Furthermore, the ongoing effort to revise Indonesia’s narcotic law poses a threat to the continuation of the harm reduction programme in the country due to a push to remove the article regulating medical rehabilitation for people with drug dependency.

Conclusions and recommendations

  1. Undertake a comprehensive assessment of all laws and policies that are discriminatory in nature or in practice, and that promote intolerance, with an aim to repeal such laws and regulations;
  2. Take urgent steps to introduce a specific anti-discrimination law;
  3. Ban all kind of forced rehabilitation and “conversion therapies” for LGBT individuals that further violate economic, social and cultural rights, including but not limited to the right to health, the right to education, and the right to work;
  4. Taking advantage of the national process of revising the Narcotic Laws, to fully align domestic legislation with international standards, inluding by adopting “alternatives to criminalization, “zero tolerance” and elimination of drugs, by considering decriminalization of usage; and adopt responsible regulation that promotes human rights;”
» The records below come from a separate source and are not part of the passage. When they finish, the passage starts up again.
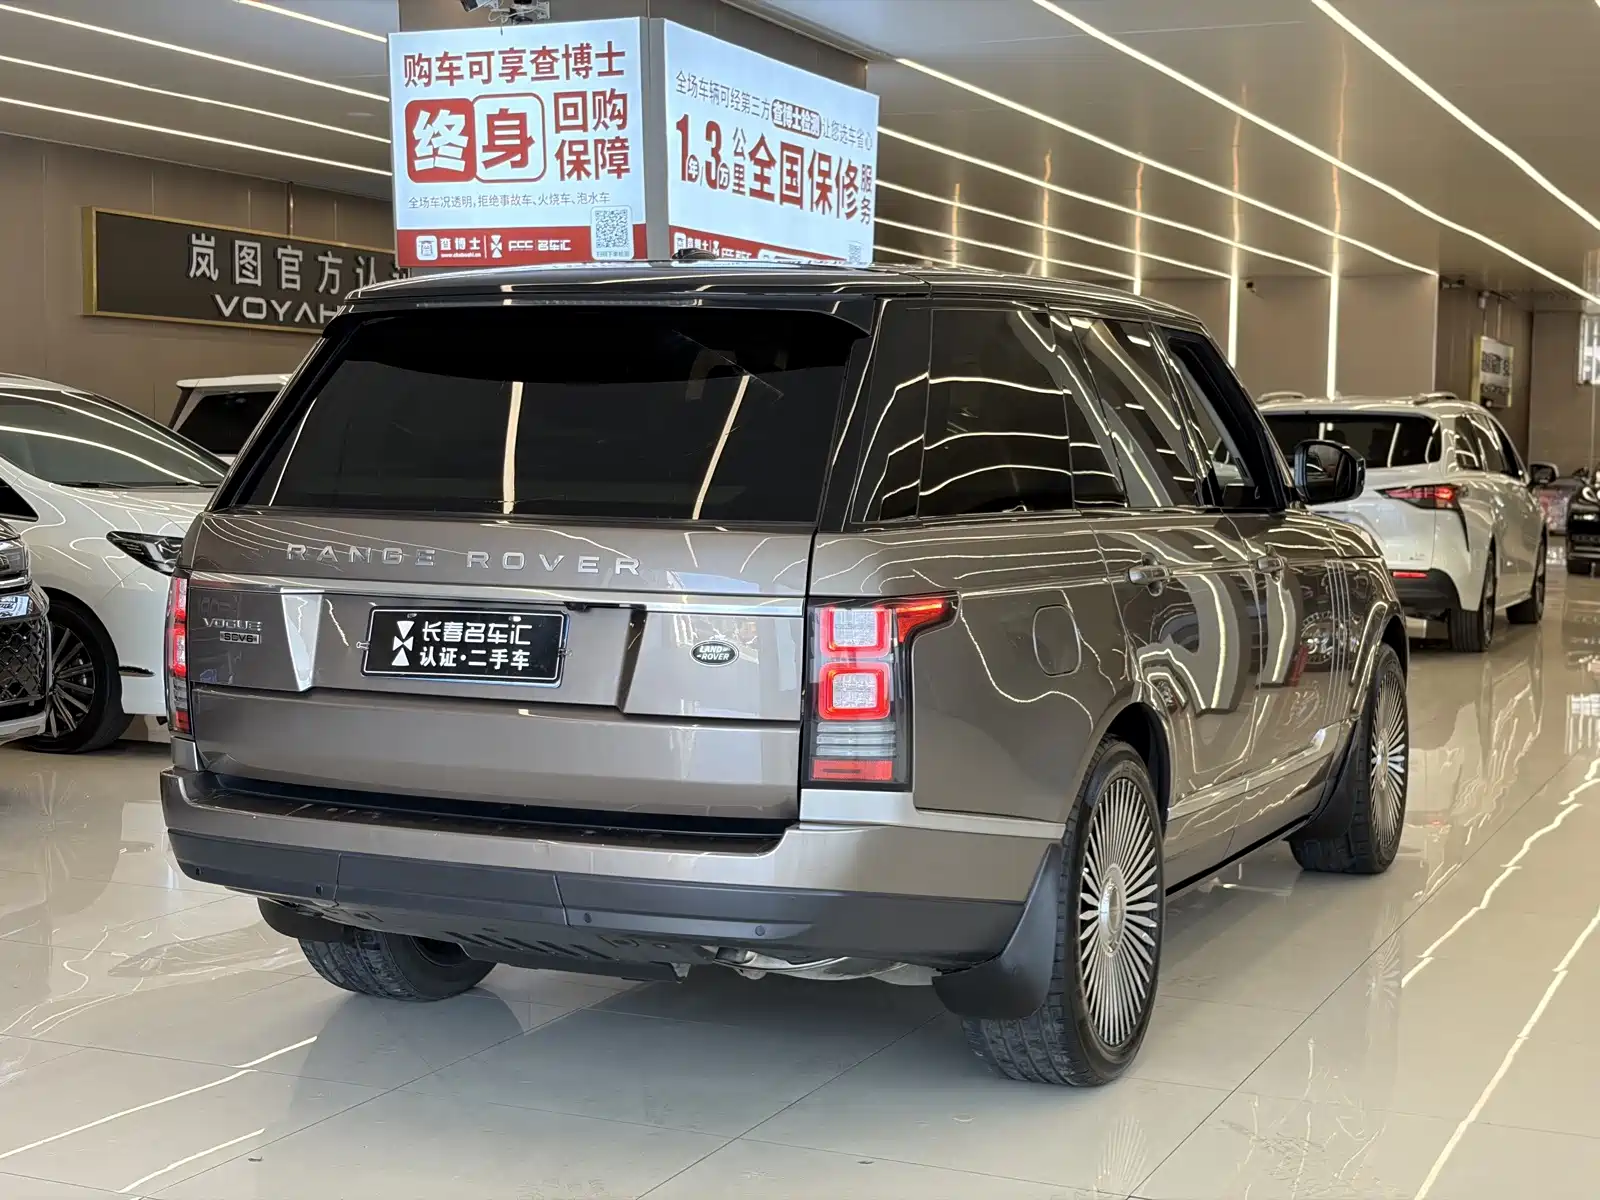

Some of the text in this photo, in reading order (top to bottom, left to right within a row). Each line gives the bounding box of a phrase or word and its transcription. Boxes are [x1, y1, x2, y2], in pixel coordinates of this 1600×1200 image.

[403, 40, 626, 88] 购车可享查博士
[553, 87, 629, 134] 回购
[412, 107, 536, 173] 终身
[554, 135, 632, 182] 保障
[439, 237, 482, 251] 查博士
[213, 293, 342, 324] VOYAH
[286, 543, 641, 576] RANGE ROVER
[202, 617, 262, 631] VOGUE
[422, 620, 533, 645] 长春名车汇
[419, 645, 531, 671] 认证·二手车
[699, 645, 723, 653] LAND
[701, 653, 730, 661] ROVER
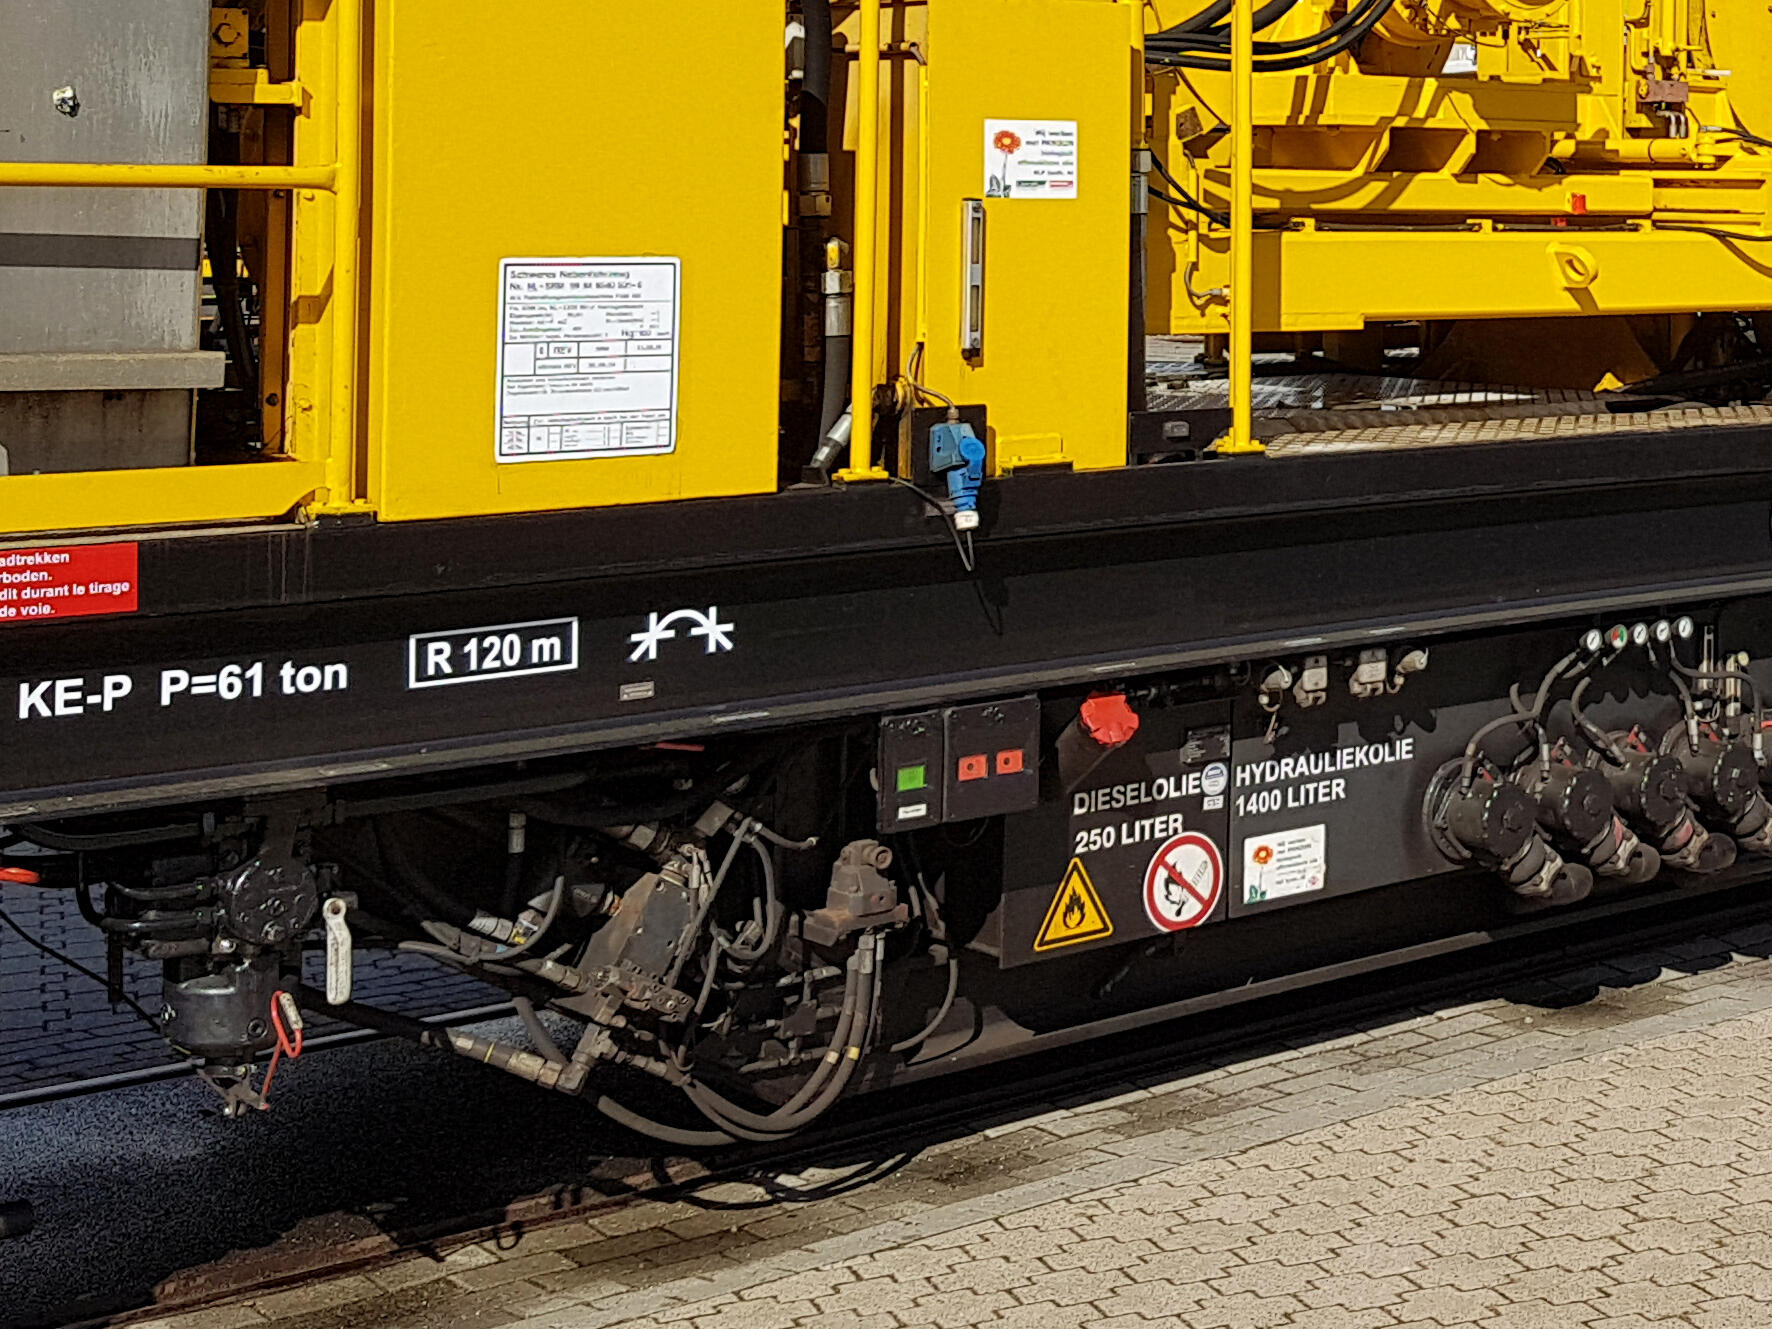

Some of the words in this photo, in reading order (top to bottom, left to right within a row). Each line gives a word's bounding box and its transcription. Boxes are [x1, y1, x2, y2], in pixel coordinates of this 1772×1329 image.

  5. “Adopt drug policies that recognize and advance the rights of people who use drugs, including by ensuring access to medical care for people who inject drugs and develop HIV, viral hepatitis and other blood-borne infectious diseases;” and by ensuring drug treatment is only pursued with the consent of the person, and never as an alternative to incarceration;
  6. “Ensure that drug-dependent treatment is voluntary, and informed consent is a precondition for any medical treatment or intervention;”
  7. Scale up provision of harm reduction services, including in prison settings as a matter of priority to ensure availability, accessibility and quality access to services;
  8. Implement and fund a programme for the roll-out of the International Guidelines on Human Rights and Drug Policy at the domestic level, including training for policymakers, healthcare professionals, and service providers.